Well, it should be the same semantics as for a physical disk pretty much. It also has an avg latency (for any time period you measure when it serves I/O at all) and a queue length, and a max queue depth. The whole idea is that a LUN should logically behave like a physical disk device from an OS PoV, so...
I assume the LUN latency is measured from the point where the ops (READ or WRITE) enter some place inside ONTAP, the latency is the time it takes for the LUN to respond: 'ok, commited to stable storage'. There's lots of stuff, layers of abstraction, beneath the LUN of course -- basically it's just a big file in a FlexVol (WAFL).
And the queue length is the number of in-flight commands on the LUN, ops sent down to it but the response hasn't come back yet. How many ups "in parallel" (whatever that means for a LUN) an ONTAP LUN can do, I don't know
If that parallelism is >1 (it isn't for a physical disk; the write head can only be at one particular place at a time, right?) I'm wrong about this:
If that qlen was 1 instead of 4 you'd be at ~12 ms avg latency on those LUNs instead of 50.
Rick Rhodes wrote:
In other words, I/O's hit the head and get stored in memory (mirrored to the partner head, logged to NVRAM), then are written to disk curing a CP.

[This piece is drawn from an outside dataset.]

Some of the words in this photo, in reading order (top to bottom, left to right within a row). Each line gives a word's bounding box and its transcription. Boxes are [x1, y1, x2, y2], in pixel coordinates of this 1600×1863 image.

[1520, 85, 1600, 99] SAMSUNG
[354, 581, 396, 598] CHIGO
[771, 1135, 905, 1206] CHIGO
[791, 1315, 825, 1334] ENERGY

What I/Os are you talking about now? An I/O hitting a LUN, or physical disk I/O's underneath all those layers of abstraction, deep inside ONTAP?
I could see the queue length being a problem if the host is waiting for the disk writes. I just can't see how it would take +12ms x 4 = 50ms to write to the head memory. It's almost Like the head is single threading writes from the Host straight through to the backend. Other than back-to-back CP's, I don't understand how this could occur.

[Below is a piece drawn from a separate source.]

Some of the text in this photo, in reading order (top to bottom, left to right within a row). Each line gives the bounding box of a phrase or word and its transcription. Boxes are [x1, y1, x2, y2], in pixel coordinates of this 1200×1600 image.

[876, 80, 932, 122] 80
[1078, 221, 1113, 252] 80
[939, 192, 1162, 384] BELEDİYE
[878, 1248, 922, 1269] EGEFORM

Me neither. And I'm prob wrong about that whole thing, as I don't really know how a LUN defines (measures) the latency and queue lenght. A LUN is essentially a special kind of file in a WAFL, so in some respect it must be basically the same as when you write a block in a file then
I was thinking a reallocate, but since it's only writes I don't see how that will help. The aggregate is 9tb of which only 3 are used, leaving 6tb free. I don't see how it's a freespace problem. It has 22x600gb15k drives in 2x11 disk raiddp raidsets.
No, I agree... You've got *plenty* of free space as well. And 15K rpm drives as well. And the box isn't high on CPU load in any way at all that I've seen from what you've shown. Well, I don't know. Something fishy here. Your sysstat output does show high disk utilisation, that's clear. It's 40-50% and that's not very pleasant.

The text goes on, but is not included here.